▸ **What the task requires**
Your answer should be the entries below, reproduced character for character.

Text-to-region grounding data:
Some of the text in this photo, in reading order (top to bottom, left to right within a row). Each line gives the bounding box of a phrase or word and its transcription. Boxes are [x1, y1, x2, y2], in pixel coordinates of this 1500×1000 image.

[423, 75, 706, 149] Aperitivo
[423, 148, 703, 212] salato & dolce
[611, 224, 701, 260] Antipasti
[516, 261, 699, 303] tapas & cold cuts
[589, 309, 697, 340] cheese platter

▸ **Your response**
Some of the text in this photo, in reading order (top to bottom, left to right within a row). Each line gives the bounding box of a phrase or word and its transcription. Boxes are [x1, y1, x2, y2], in pixel coordinates of this 1500×1000 image.

[423, 75, 706, 149] Aperitivo
[423, 148, 703, 212] salato & dolce
[611, 224, 701, 260] Antipasti
[516, 261, 699, 303] tapas & cold cuts
[589, 309, 697, 340] cheese platter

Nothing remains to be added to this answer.